**Input records**
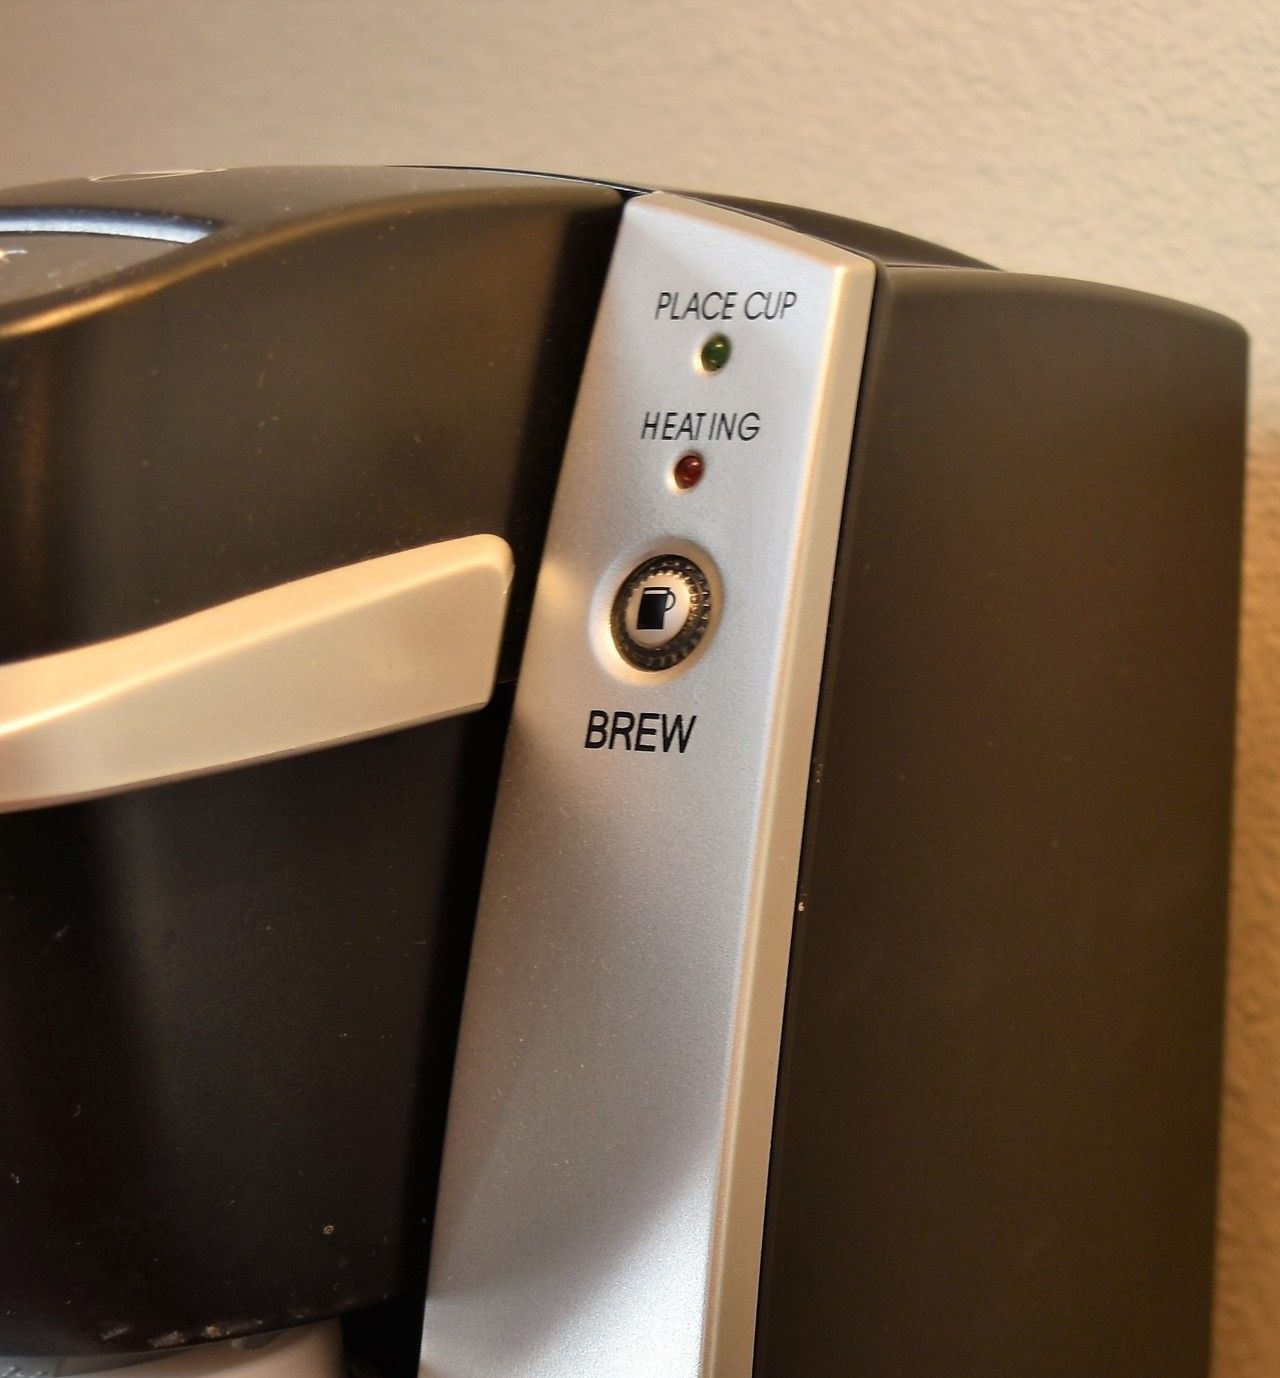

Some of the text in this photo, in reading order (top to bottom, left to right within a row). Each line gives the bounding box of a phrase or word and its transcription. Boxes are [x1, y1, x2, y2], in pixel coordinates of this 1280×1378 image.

[655, 291, 798, 320] PLACE CUP
[641, 411, 761, 441] HEATING
[584, 710, 697, 754] BREW
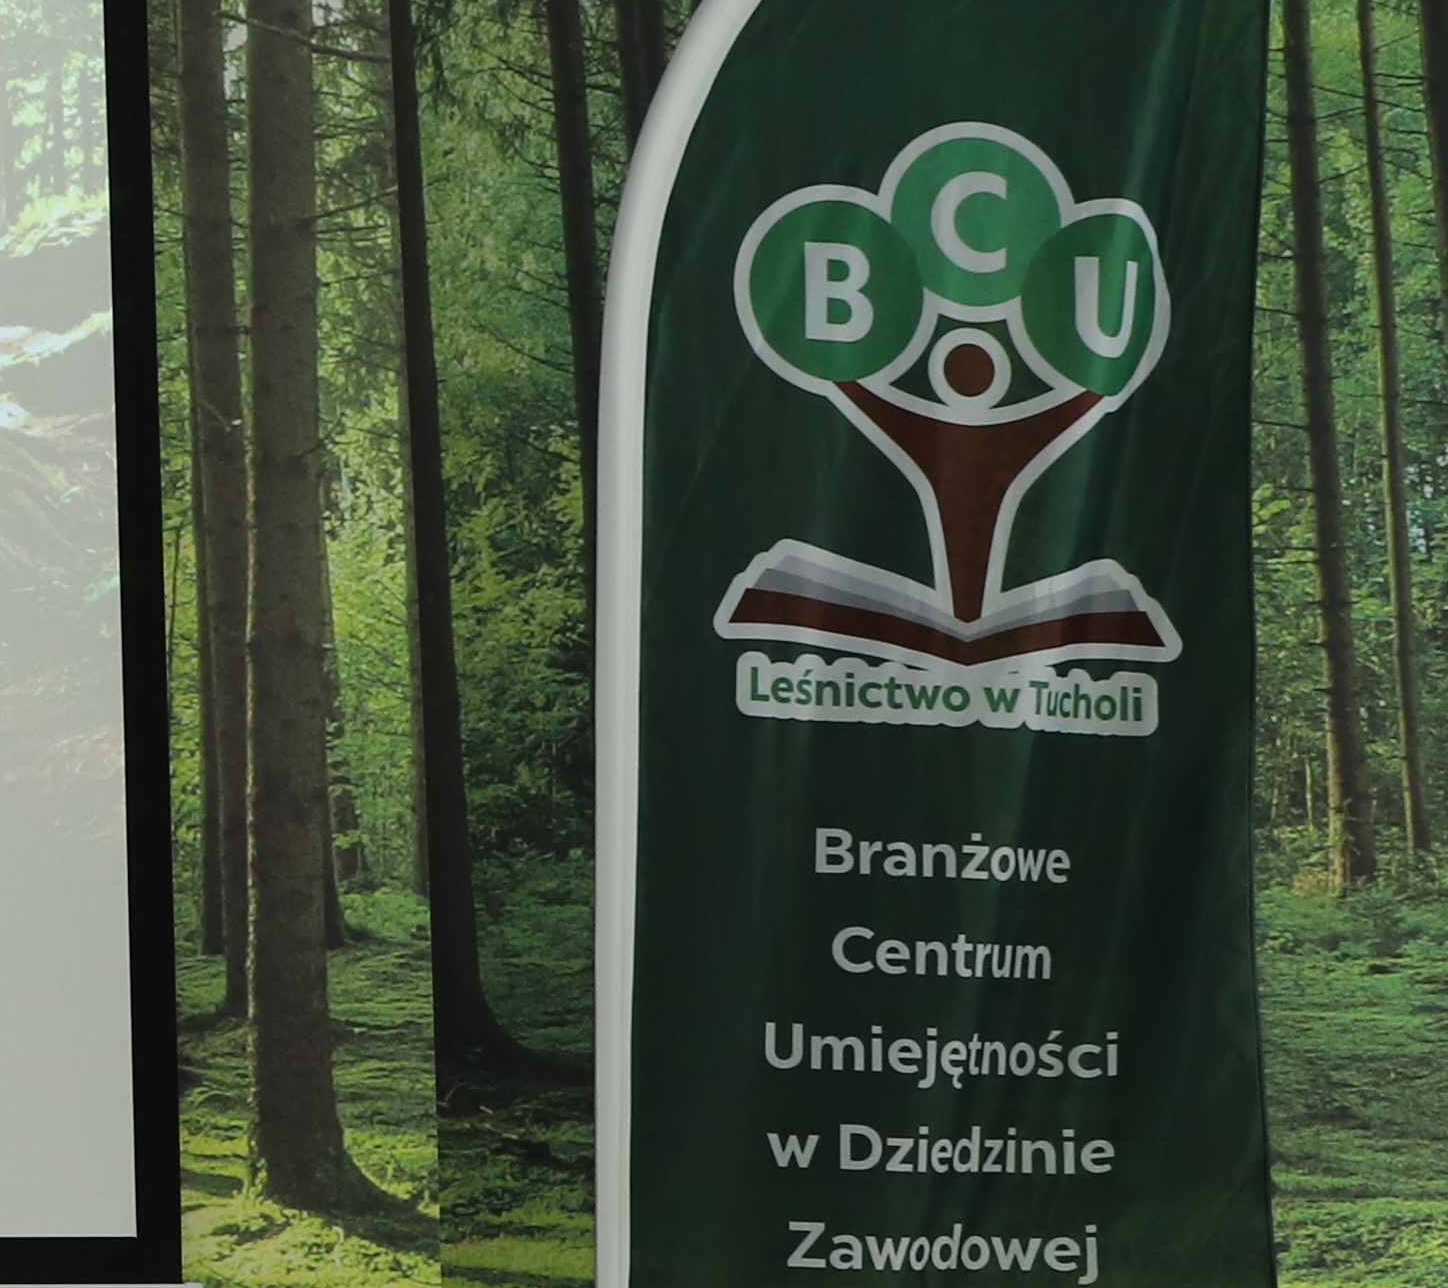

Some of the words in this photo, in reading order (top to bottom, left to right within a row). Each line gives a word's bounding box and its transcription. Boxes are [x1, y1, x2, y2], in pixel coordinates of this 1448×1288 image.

[749, 666, 971, 712] Leśnictwo
[984, 683, 1020, 714] w
[1029, 680, 1143, 722] Tucholi
[814, 827, 1071, 884] Branżowe
[831, 926, 1052, 980] Centrum
[763, 1021, 1119, 1089] Umiejętności
[766, 1132, 820, 1168] w
[838, 1123, 1115, 1175] Dziedzinie
[786, 1220, 1099, 1286] Zawodowej

**Exercise requirements**
Repeat every record precisely. Any picture among them stays out of the copy.

**Output**
Some of the text in this photo, in reading order (top to bottom, left to right within a row). Each line gives the bounding box of a phrase or word and its transcription. Boxes are [x1, y1, x2, y2], in pixel coordinates of this 1280×1378 image.

[655, 291, 798, 320] PLACE CUP
[641, 411, 761, 441] HEATING
[584, 710, 697, 754] BREW

Some of the words in this photo, in reading order (top to bottom, left to right within a row). Each line gives a word's bounding box and its transcription. Boxes are [x1, y1, x2, y2], in pixel coordinates of this 1448×1288 image.

[749, 666, 971, 712] Leśnictwo
[984, 683, 1020, 714] w
[1029, 680, 1143, 722] Tucholi
[814, 827, 1071, 884] Branżowe
[831, 926, 1052, 980] Centrum
[763, 1021, 1119, 1089] Umiejętności
[766, 1132, 820, 1168] w
[838, 1123, 1115, 1175] Dziedzinie
[786, 1220, 1099, 1286] Zawodowej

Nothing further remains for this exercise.